Requirement.
Give back the line below containing "this 2357×1568 image." and every later line, exactly.

Segment Start: Source material

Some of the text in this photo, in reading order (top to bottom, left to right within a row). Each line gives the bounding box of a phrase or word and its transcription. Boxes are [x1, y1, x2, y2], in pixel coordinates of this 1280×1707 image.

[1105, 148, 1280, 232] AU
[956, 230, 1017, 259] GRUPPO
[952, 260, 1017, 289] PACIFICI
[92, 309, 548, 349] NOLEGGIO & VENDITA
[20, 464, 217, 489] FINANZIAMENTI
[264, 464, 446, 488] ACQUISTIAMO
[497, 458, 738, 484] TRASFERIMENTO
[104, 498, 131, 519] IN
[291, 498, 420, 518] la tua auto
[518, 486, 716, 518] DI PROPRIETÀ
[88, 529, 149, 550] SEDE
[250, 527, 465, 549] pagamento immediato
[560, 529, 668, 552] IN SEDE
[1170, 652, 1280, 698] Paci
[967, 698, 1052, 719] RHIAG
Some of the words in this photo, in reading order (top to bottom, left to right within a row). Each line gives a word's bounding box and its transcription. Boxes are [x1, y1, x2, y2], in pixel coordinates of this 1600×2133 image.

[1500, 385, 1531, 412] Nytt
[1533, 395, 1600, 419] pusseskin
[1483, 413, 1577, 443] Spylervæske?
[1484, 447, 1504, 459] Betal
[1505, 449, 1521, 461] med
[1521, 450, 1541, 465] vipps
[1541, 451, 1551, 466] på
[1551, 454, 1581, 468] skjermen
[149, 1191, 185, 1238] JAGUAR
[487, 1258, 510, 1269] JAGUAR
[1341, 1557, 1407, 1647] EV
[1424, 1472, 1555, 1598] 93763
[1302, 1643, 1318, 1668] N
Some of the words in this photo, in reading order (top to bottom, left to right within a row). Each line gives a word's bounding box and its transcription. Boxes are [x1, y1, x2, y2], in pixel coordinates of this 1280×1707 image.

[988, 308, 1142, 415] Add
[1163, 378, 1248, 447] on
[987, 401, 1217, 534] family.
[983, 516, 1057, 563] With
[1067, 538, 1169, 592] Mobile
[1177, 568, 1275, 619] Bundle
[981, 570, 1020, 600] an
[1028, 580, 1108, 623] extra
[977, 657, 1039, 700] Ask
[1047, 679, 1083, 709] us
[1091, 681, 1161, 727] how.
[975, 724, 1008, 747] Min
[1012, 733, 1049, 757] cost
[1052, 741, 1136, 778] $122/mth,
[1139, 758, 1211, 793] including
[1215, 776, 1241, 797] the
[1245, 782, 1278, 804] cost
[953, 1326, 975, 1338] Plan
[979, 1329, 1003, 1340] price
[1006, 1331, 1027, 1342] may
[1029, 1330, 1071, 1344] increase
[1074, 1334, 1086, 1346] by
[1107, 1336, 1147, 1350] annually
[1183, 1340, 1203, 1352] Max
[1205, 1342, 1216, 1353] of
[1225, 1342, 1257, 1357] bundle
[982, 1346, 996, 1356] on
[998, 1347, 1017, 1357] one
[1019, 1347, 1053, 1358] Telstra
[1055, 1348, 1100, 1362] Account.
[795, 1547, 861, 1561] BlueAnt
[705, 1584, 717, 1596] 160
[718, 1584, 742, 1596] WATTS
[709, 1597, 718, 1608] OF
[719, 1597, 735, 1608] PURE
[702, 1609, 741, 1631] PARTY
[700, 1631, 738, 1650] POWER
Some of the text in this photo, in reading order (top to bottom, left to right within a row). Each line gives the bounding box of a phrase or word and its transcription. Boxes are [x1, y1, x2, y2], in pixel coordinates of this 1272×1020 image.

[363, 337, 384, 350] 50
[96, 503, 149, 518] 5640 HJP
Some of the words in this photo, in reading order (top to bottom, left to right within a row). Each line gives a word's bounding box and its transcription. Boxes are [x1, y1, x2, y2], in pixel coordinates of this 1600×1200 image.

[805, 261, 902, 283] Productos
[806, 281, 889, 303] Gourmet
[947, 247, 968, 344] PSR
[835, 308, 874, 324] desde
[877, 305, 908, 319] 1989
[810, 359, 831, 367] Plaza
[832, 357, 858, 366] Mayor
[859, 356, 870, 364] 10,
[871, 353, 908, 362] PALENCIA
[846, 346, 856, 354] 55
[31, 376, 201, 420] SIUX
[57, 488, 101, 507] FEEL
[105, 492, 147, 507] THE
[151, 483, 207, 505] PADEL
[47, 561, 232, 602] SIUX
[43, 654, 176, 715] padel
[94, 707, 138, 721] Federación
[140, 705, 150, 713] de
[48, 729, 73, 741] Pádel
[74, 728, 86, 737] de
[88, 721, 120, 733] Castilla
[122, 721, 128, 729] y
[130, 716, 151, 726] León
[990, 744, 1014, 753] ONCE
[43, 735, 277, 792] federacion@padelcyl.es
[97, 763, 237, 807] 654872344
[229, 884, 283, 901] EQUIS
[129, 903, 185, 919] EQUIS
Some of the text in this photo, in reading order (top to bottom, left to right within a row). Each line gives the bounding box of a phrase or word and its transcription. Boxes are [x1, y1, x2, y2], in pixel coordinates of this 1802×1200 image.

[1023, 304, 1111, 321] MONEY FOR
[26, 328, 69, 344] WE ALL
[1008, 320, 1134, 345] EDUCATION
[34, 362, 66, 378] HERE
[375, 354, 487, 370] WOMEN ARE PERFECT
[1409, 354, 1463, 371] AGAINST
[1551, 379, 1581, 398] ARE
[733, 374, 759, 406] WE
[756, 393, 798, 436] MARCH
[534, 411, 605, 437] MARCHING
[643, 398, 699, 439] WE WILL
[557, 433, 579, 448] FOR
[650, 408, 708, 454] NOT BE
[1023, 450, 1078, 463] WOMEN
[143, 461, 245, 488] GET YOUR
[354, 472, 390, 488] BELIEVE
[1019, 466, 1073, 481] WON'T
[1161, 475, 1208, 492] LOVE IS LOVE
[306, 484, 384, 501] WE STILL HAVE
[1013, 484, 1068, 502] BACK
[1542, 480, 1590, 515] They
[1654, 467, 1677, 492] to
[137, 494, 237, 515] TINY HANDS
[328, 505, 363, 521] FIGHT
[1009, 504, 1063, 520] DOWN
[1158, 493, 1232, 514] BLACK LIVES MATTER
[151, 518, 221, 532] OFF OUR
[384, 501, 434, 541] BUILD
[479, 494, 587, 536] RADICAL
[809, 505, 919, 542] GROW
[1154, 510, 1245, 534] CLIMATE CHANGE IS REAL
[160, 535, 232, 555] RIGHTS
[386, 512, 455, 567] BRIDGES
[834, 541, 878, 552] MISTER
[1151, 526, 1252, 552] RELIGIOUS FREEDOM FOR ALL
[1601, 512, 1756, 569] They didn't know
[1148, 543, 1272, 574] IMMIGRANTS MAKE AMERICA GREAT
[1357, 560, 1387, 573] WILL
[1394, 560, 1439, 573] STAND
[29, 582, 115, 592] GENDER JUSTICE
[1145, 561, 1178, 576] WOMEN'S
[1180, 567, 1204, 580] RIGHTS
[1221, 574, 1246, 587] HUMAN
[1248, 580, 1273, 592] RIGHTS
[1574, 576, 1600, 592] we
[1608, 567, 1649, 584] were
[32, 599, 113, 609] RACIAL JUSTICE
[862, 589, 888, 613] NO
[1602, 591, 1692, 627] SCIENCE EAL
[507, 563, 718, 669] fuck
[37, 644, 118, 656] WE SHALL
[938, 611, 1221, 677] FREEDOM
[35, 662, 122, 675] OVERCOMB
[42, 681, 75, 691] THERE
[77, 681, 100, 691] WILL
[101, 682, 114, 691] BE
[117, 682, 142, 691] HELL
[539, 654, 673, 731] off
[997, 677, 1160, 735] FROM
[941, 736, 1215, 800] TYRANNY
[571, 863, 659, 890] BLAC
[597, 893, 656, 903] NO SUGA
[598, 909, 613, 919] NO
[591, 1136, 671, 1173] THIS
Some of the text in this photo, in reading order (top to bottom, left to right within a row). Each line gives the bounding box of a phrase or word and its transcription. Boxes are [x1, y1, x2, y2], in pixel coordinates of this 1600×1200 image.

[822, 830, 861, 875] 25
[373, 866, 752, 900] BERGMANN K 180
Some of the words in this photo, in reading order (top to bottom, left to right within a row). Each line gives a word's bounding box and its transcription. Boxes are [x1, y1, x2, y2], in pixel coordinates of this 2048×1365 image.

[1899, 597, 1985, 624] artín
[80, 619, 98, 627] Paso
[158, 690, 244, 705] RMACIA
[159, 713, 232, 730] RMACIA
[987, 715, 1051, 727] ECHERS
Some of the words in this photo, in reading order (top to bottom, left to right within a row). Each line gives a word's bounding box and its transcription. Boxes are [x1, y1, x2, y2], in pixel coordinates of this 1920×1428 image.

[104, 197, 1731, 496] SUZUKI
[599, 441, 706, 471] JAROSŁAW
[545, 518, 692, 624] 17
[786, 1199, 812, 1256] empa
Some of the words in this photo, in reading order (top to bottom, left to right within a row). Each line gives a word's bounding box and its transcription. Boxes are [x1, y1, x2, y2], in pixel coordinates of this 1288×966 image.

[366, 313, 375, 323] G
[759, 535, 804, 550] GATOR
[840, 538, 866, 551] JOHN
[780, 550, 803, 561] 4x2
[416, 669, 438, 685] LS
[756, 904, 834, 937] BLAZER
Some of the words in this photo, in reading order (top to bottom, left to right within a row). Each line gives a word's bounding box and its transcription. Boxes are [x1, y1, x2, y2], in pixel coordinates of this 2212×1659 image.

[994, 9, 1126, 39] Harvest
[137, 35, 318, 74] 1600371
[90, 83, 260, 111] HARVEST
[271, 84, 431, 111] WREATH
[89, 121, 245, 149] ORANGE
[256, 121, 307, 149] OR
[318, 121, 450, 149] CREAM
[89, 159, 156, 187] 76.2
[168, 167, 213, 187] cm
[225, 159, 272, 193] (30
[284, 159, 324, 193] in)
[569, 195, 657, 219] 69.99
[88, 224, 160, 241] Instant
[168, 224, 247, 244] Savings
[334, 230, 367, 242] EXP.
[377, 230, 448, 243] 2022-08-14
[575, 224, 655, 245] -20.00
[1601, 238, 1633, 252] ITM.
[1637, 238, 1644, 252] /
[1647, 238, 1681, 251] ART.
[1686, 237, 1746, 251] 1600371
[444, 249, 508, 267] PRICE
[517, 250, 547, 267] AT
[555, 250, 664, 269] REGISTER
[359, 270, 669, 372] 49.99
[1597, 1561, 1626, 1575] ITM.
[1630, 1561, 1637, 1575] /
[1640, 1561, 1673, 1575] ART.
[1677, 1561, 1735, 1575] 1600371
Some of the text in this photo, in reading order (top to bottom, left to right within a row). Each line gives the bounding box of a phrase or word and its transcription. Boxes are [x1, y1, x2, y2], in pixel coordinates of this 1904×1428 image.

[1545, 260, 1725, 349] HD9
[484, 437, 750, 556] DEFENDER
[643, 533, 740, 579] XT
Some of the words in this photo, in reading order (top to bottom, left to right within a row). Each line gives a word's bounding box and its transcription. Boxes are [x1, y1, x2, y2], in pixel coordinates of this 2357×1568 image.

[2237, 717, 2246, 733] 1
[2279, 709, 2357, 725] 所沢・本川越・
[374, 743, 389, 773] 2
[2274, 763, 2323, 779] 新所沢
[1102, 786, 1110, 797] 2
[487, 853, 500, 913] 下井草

Segment End: Source material

Answer space.
Some of the words in this photo, in reading order (top to bottom, left to right within a row). Each line gives a word's bounding box and its transcription. Boxes are [x1, y1, x2, y2], in pixel coordinates of this 2357×1568 image.

[2237, 717, 2246, 733] 1
[2279, 709, 2357, 725] 所沢・本川越・
[374, 743, 389, 773] 2
[2274, 763, 2323, 779] 新所沢
[1102, 786, 1110, 797] 2
[487, 853, 500, 913] 下井草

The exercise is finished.